Leave that company and find some hobbies
Find and speak to a therapist. Having a place to talk about these problems will be extremely beneficial. The majority of top-performers that I know have therapists and say it was one of the best decisions they ever made.
I feel you man, sorry about this. It is my first half here as an E6 but I am so stressed out. My work productivity is close to 0 since I am tired all the time. I sleep less than 4h/day, cant stop thinking about work but cant be productive due to the lack of sleep.
Is FB work culture like this or it’s individual specific? Quite curious
A bit of both.
There is life beyond the job. It’s good to try to succeed but the cost of this is not worth it. Why don’t you take a couple days off and regroup and prioritize your work items and knock them off.

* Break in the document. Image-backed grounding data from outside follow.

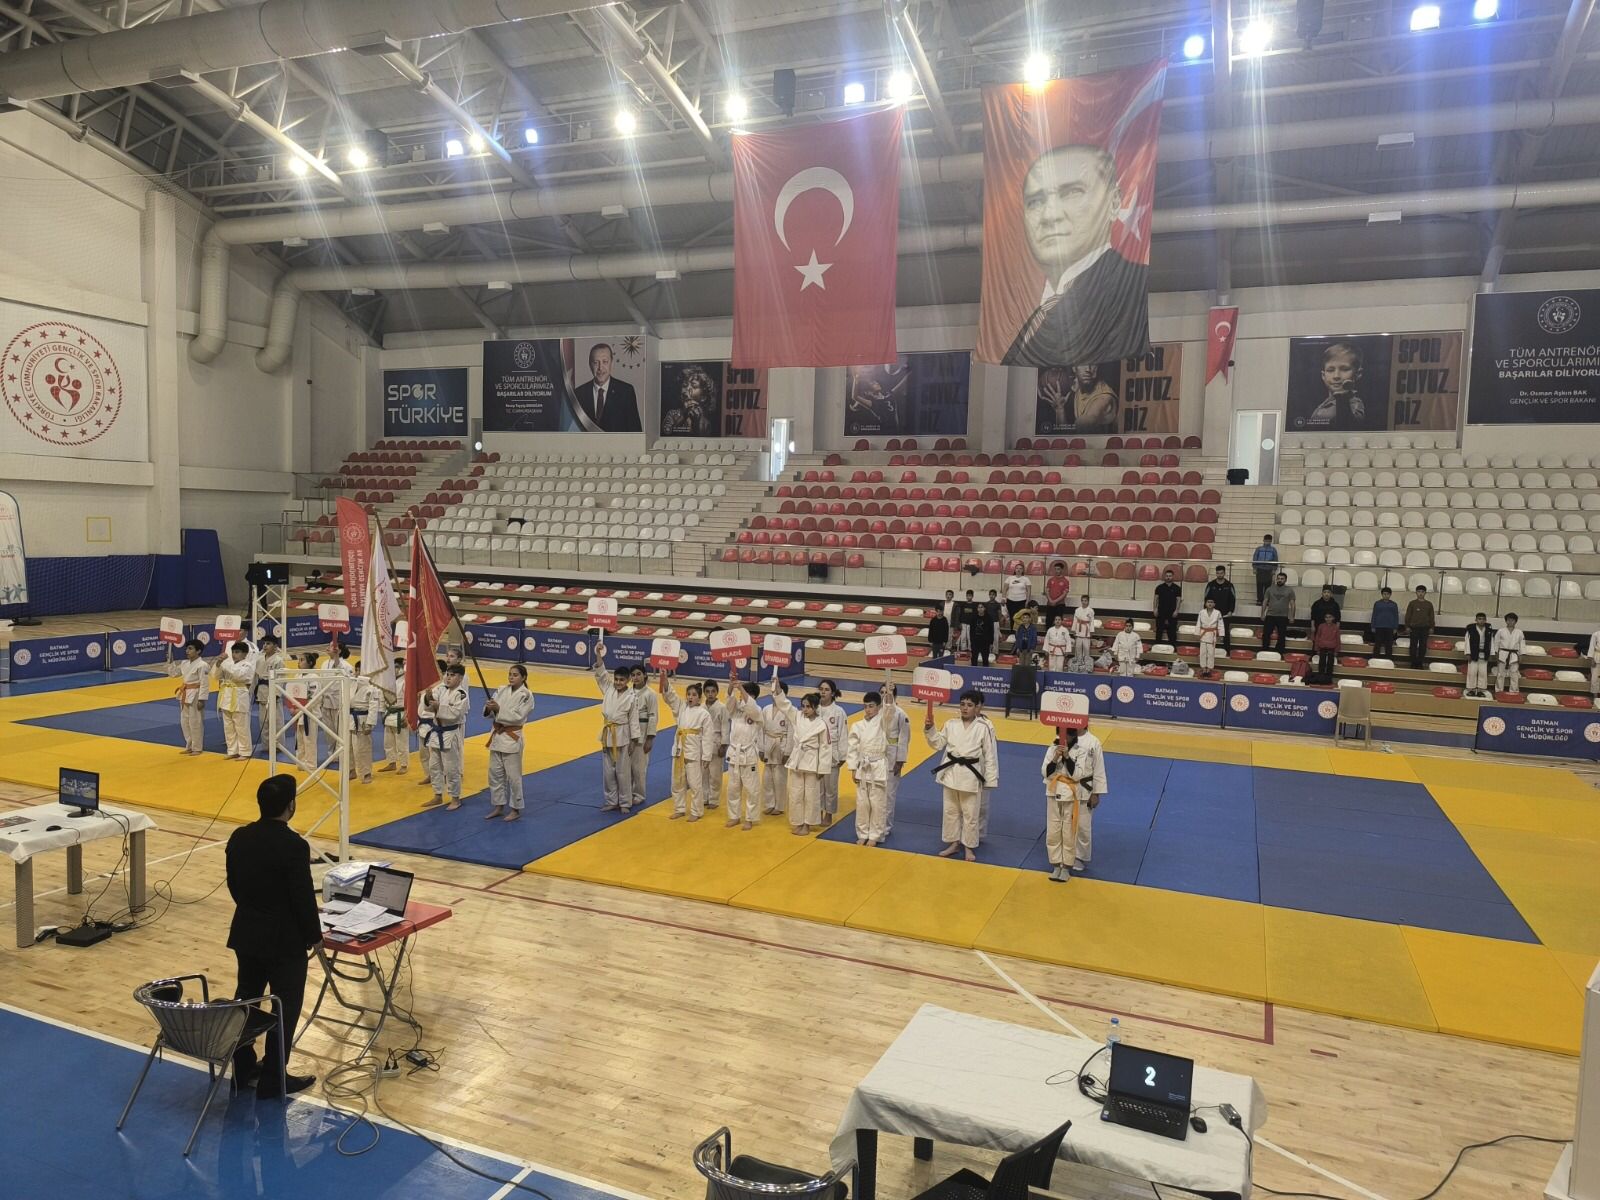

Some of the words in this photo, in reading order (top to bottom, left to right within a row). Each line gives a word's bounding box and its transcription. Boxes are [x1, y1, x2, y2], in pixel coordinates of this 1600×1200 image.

[52, 344, 84, 360] GENÇLİK
[1399, 338, 1441, 363] SPOR
[1510, 347, 1536, 358] TÜM
[24, 345, 51, 391] CUMHURİYETİ
[84, 358, 94, 368] VE
[1496, 360, 1509, 368] VE
[1512, 357, 1600, 368] SPORCULARIMI
[91, 369, 102, 389] SPOR
[1396, 369, 1449, 394] CUYUZ
[1499, 370, 1552, 380] BAŞARILAR
[388, 384, 436, 400] SPOR
[726, 389, 760, 409] CUYUZ
[1125, 376, 1172, 402] CUYUZ
[28, 395, 55, 421] TÜRKİYE
[74, 391, 102, 422] BAKANLIĞI
[388, 404, 464, 424] TÜRKİYE
[266, 569, 271, 579] 1
[918, 689, 944, 698] MALATYA
[1046, 715, 1082, 724] ADIYAMAN
[1145, 1066, 1156, 1086] 2

Get a puppy if you don’t have one, especially helps a lot if you don’t have a partner. Pick up a sport and sweat it out. Work out helps , Trust me
OP will starve the puppy too
What's GE and what's EE
Perf rating. Exceeds Expectations Greatly Exceeds Expectations
EE seems to be good right?
A bit of advice on trying for GE, it's very unrealistic to explicitly target and expect to get GE because it depends on way too many factors including how your teammates perform and your managers "perception". I think trying to hit EE and hitting EE consistently is more worthwhile and rewarding in the long run and you will probably hit a couple of GE's when luck decides to visit.

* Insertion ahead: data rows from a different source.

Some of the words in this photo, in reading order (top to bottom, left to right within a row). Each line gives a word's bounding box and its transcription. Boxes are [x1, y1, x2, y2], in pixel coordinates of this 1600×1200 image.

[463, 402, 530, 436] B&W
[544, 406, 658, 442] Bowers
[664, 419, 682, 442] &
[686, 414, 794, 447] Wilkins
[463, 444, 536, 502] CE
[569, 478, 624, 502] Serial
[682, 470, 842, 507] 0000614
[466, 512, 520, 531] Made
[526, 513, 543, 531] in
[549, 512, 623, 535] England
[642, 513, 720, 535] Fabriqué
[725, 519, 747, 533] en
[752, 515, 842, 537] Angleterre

+1 targeting GE is a recipe for madness for most people
First comment. Had (and sometimes still have) similar stuff. Medication helped start recovery. Now a multivitamin every morning, reduced sugar and melatonin at 9 PM (I like to fall asleep around 12) helped. A timeline for super basic stuff (including brushing and everything small) can help. Sleep and if you feel up to it a workout, eating less somehow has the effect of making you feel fuller and happier and have more energy. Also, check hormones and thyroid at the doc. The job (I know this is blind) does not matter. Try to focus on leaning things that will help you in the next job. Not being happy at a job isn’t your fault. It’s more of just being in the wrong one. Good luck!! Tc 🥜
What happens if you aim for only MA? Do you get fired as IC3? Is rating worth it if you are sacrificing your mental or physical health? Do you have a mentor? If your manager don't care about you, can't you change team after some time?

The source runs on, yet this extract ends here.